Investigating HLA antibody levels in patients with B cell-depleting cancer immunotherapies as a way to find new treatment strategies to improve organ transplantation outcomes is certainly some out of the box thinking. Because of this orthogonal approach, Hill noted that this was “certainly the most unique project I’ve gotten to work on.” Ultimately this work highlights the possibility of how using targeted depletion of specific cell types may increase outcomes for solid organ transplantation. This work also suggests that these types of therapies could potentially be used for treatment of auto-immune disease. Hill stated that this research demonstrates “the power of where we’re going with precision medicine,” as these antibody-based therapeutic strategies “can be leveraged to tackle a whole host of illnesses outside of cancer.” Moving forward, Hill is asking “how can we leverage these therapies to think more broadly?” To understand how these therapies alter antibody levels more generally, Hill is collaborating with researchers at UCSF and Stanford to use “high throughput tests that allow us to look at a wide range of auto-antibodies.”

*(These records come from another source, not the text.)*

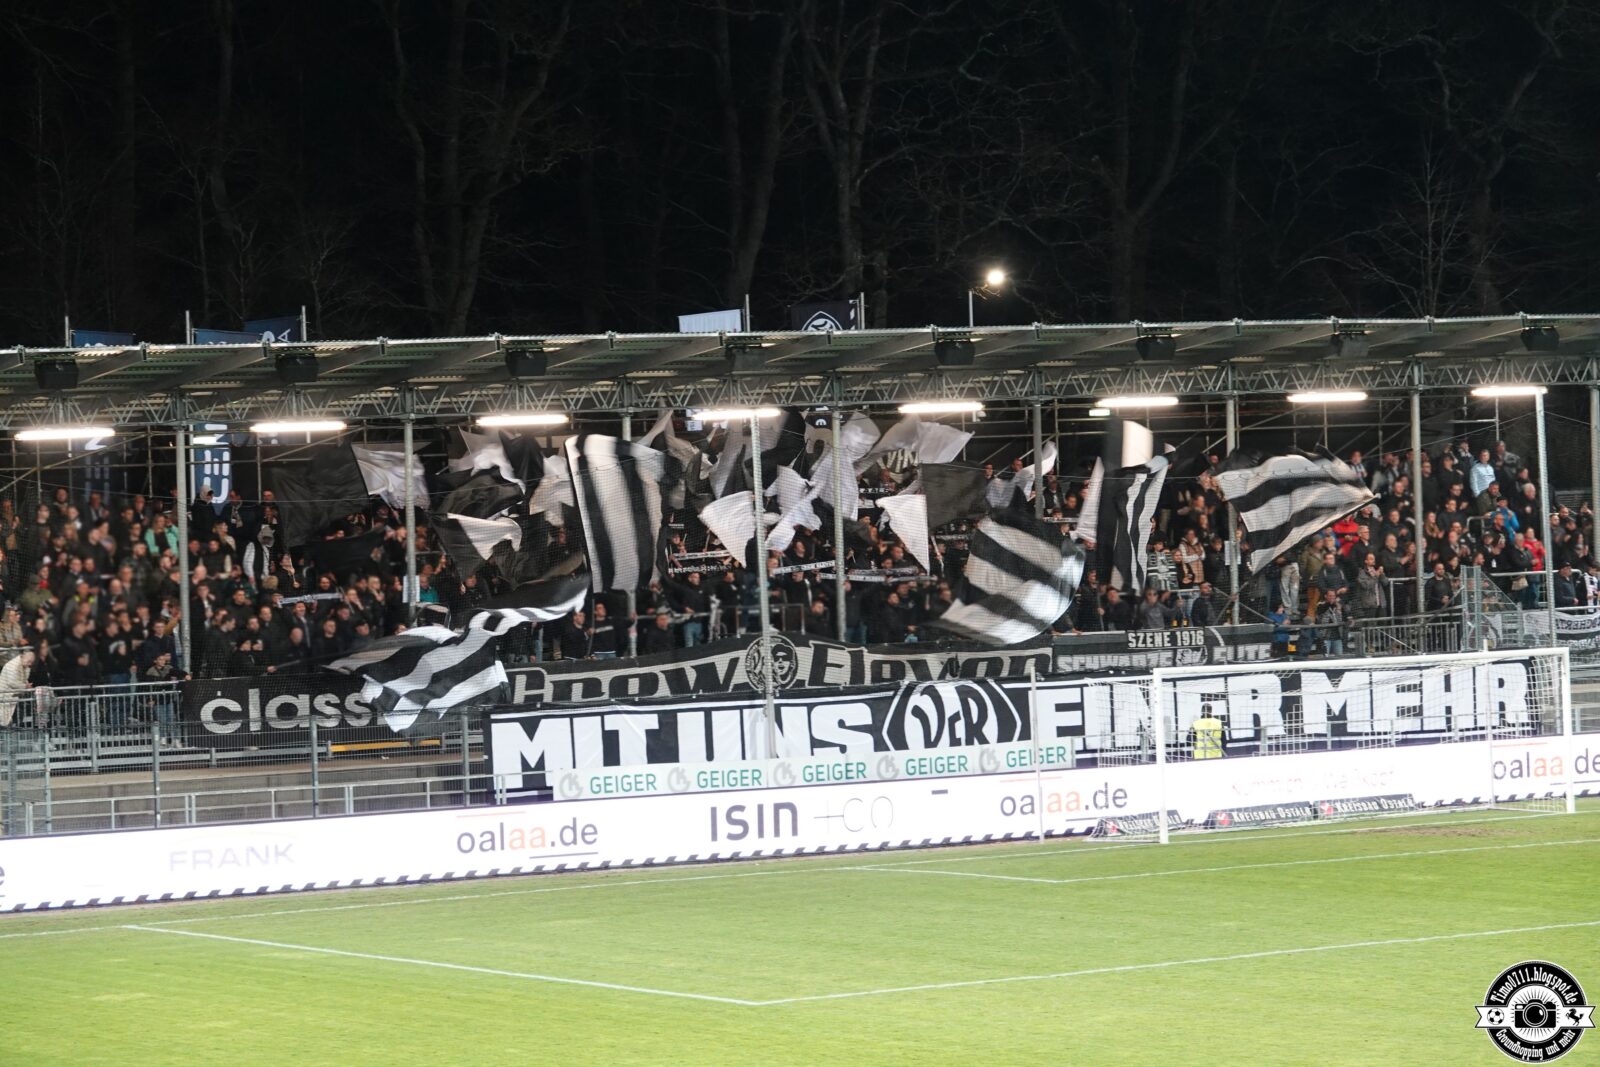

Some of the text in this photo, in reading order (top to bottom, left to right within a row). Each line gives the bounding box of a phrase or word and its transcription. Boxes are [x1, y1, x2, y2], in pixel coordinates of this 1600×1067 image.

[1127, 629, 1205, 648] SZENE 1916
[1212, 642, 1272, 663] ELITE
[491, 713, 660, 790] MIT
[677, 702, 874, 765] UNS
[1028, 673, 1287, 750] EINER
[1301, 662, 1529, 734] MEHR
[590, 746, 1067, 795] GEIGER GEIGER GEIGER GEIGER GEIGER
[456, 817, 598, 854] oalaa.de
[168, 842, 296, 873] FRANK
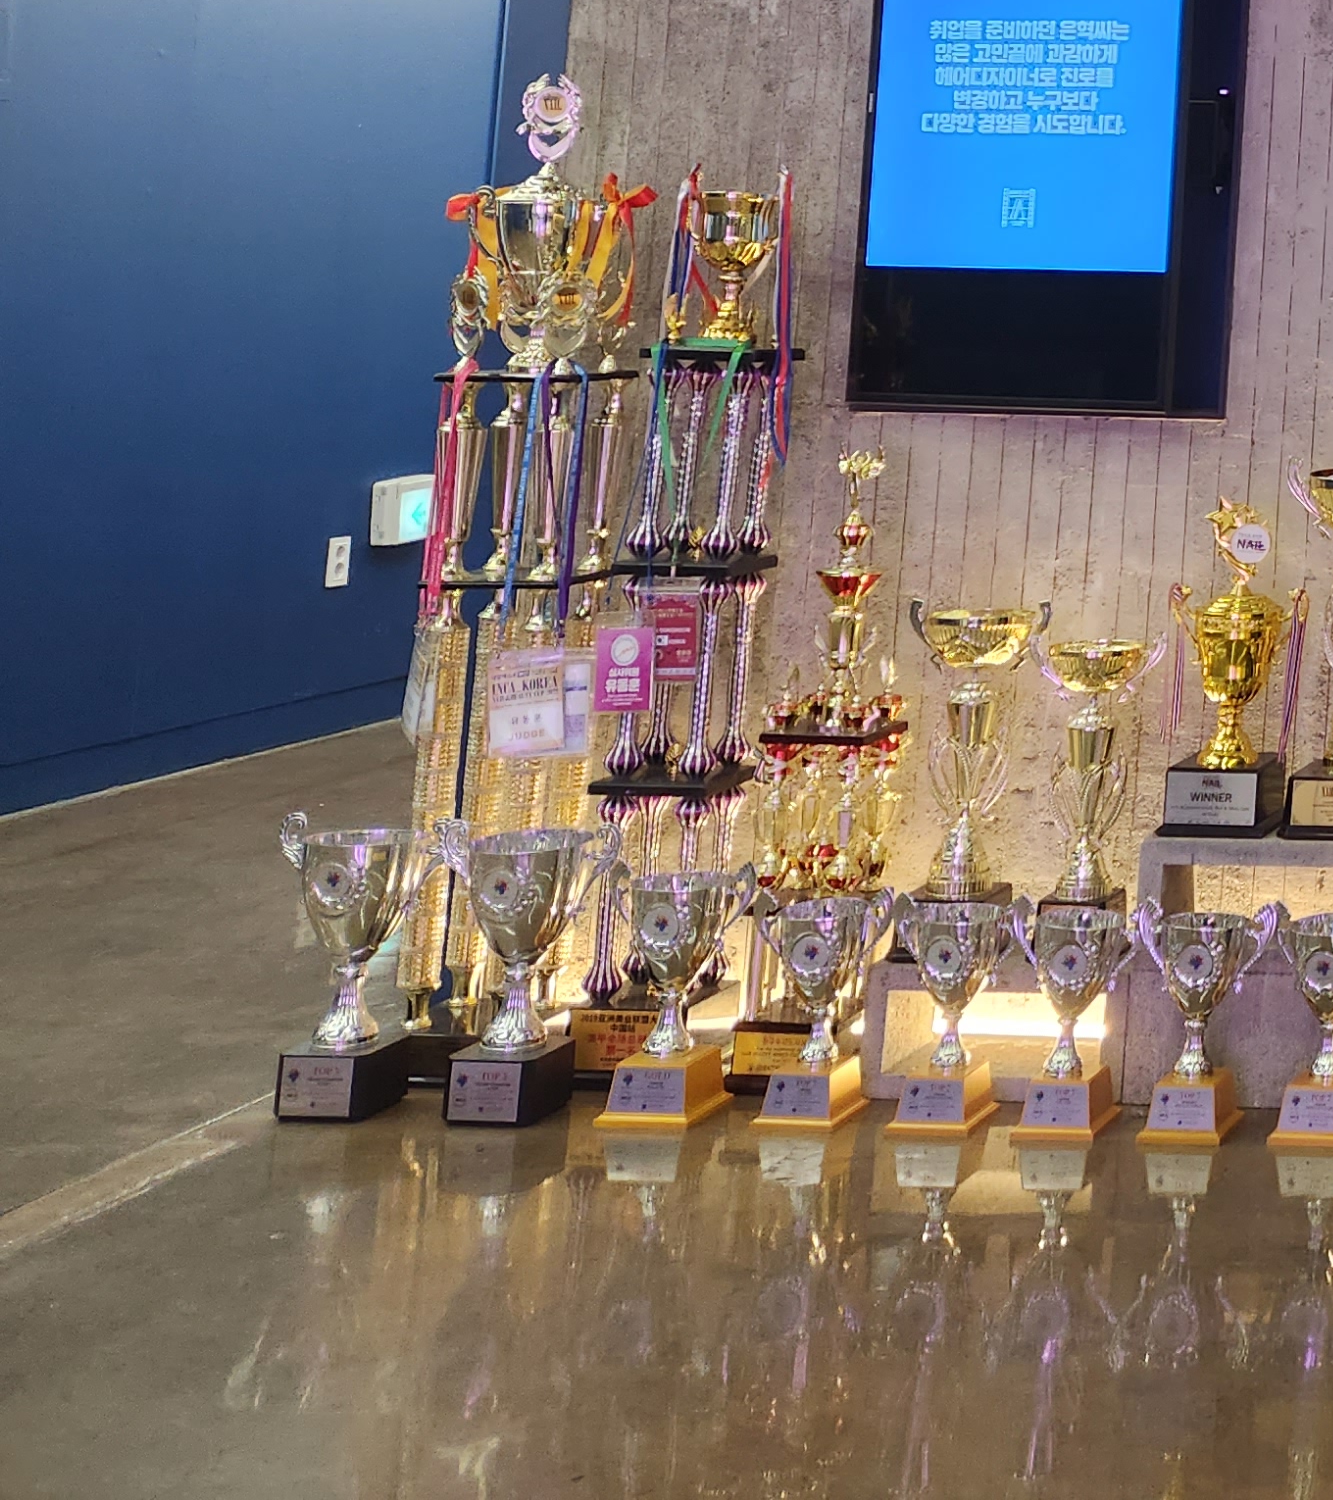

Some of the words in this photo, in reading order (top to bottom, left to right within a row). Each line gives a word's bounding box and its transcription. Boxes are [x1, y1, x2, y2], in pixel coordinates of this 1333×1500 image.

[929, 20, 982, 40] 취업을
[986, 20, 1056, 40] 준비하던
[1060, 20, 1130, 41] 은혁씨는
[934, 43, 970, 63] 많은
[973, 43, 1043, 64] 고민끝에
[1046, 44, 1118, 64] 과감하게
[935, 67, 1057, 87] 헤어디자이너로
[1060, 67, 1114, 88] 진로를
[953, 90, 1023, 110] 변경하고
[1026, 90, 1098, 111] 누구보다
[921, 113, 975, 133] 다양한
[977, 113, 1031, 134] 경험을
[1033, 114, 1127, 135] 시도합니다.
[510, 728, 545, 741] JUDGE
[1190, 790, 1232, 803] WINNER
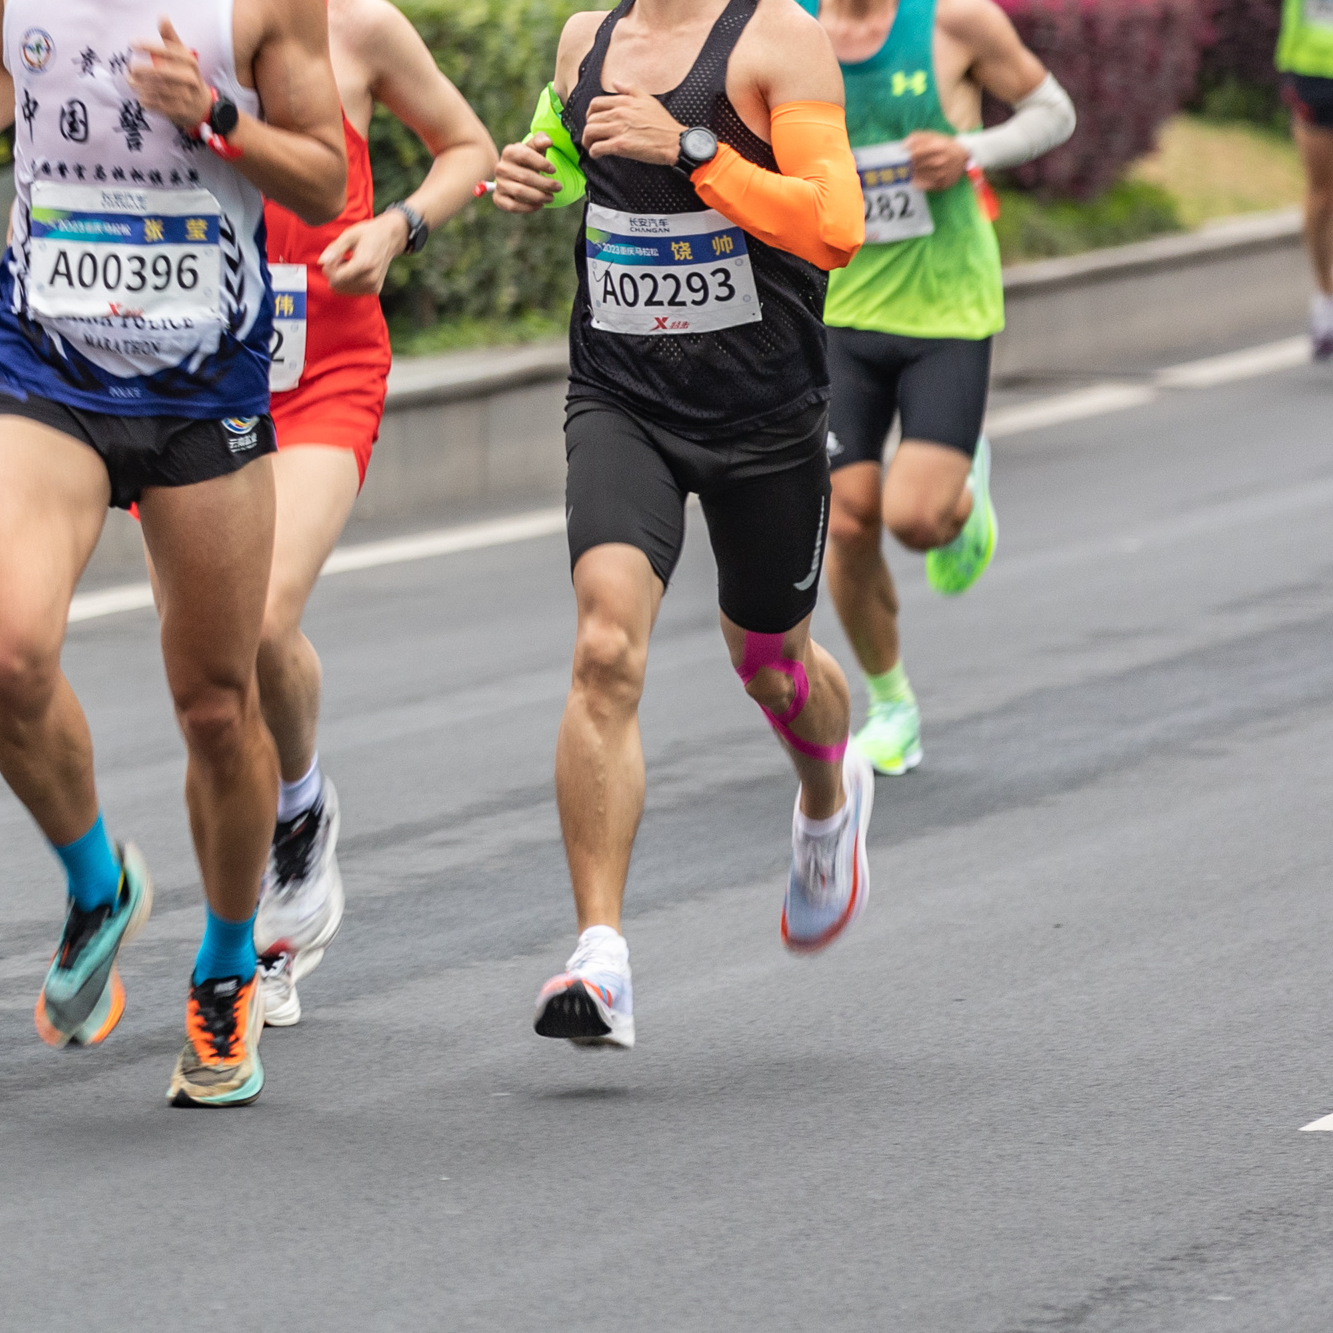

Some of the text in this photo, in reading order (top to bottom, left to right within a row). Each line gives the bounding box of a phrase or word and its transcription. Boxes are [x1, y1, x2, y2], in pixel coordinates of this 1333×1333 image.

[629, 218, 669, 227] 长安汽车
[49, 250, 200, 291] A00396
[602, 267, 736, 307] A02293
[275, 293, 294, 317] 伟
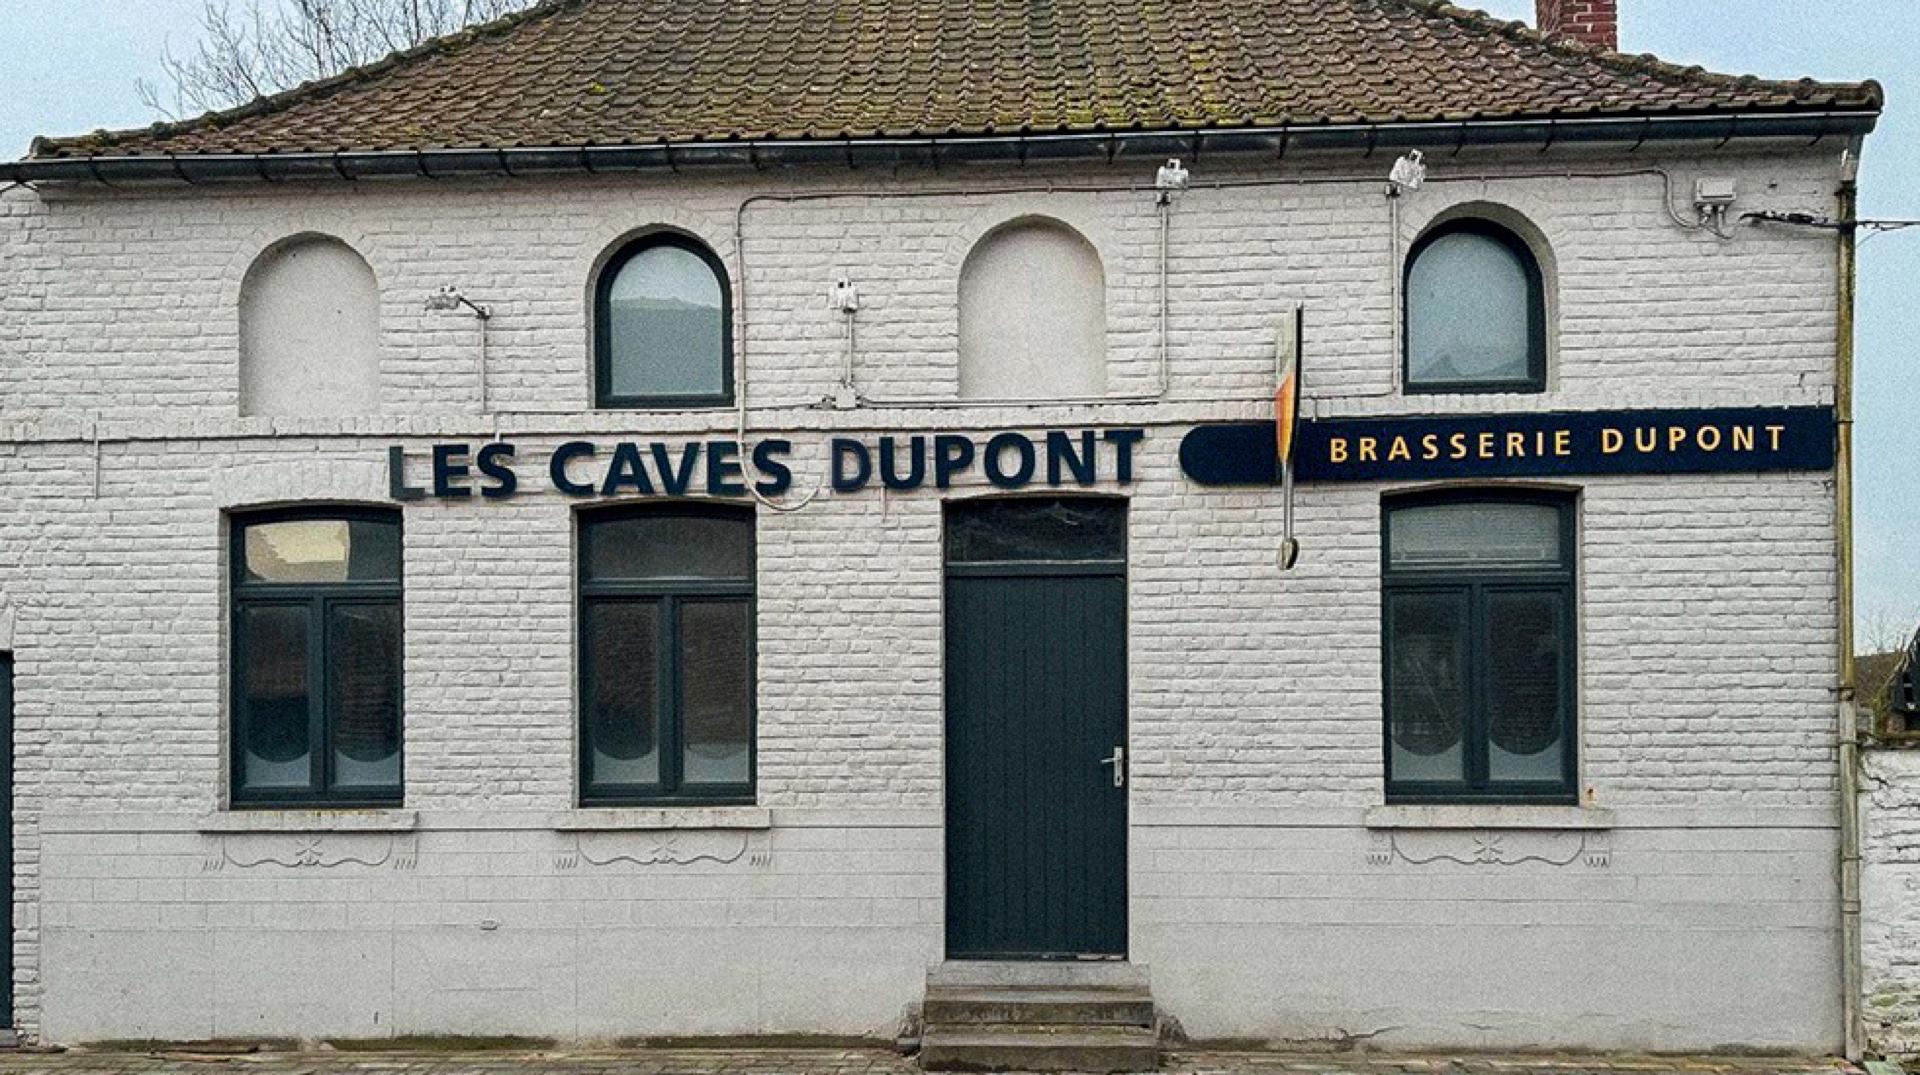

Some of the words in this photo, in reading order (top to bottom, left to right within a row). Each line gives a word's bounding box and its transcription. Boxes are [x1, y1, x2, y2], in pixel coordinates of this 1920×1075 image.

[389, 443, 518, 499] LES
[549, 439, 792, 498] CAVES
[831, 428, 1144, 492] DUPONT
[1330, 430, 1572, 463] BRASSERIE
[1602, 425, 1786, 453] DUPONT

This work was supported by the National Institutes of Health and the National Cancer Institute.

UW/Fred Hutch/ Seattle Children’s Cancer Consortium Joshua Hill, Damian Green, David Maloney, Rebecca Gardner and Christopher Blosser members contributed to this work.

Hill JA, Kiem ES, Bhatti A, Liu W, Keane-Candib J, Fitzpatrick KS, Boonyaratanakornkit J, Gardner RA, Green DJ, Maloney DG, Turtle CJ, Smith JM, Gimferrer I, Blosser CD, Jackson SW. Anti-HLA antibodies in recipients of CD19 versus BCMA-targeted CAR T-cell therapy. Am J Transplant. 2023 Mar;23(3):416-422. doi: 10.1016/j.ajt.2022.11.001. Epub 2023 Jan 12. PMID: 36748802.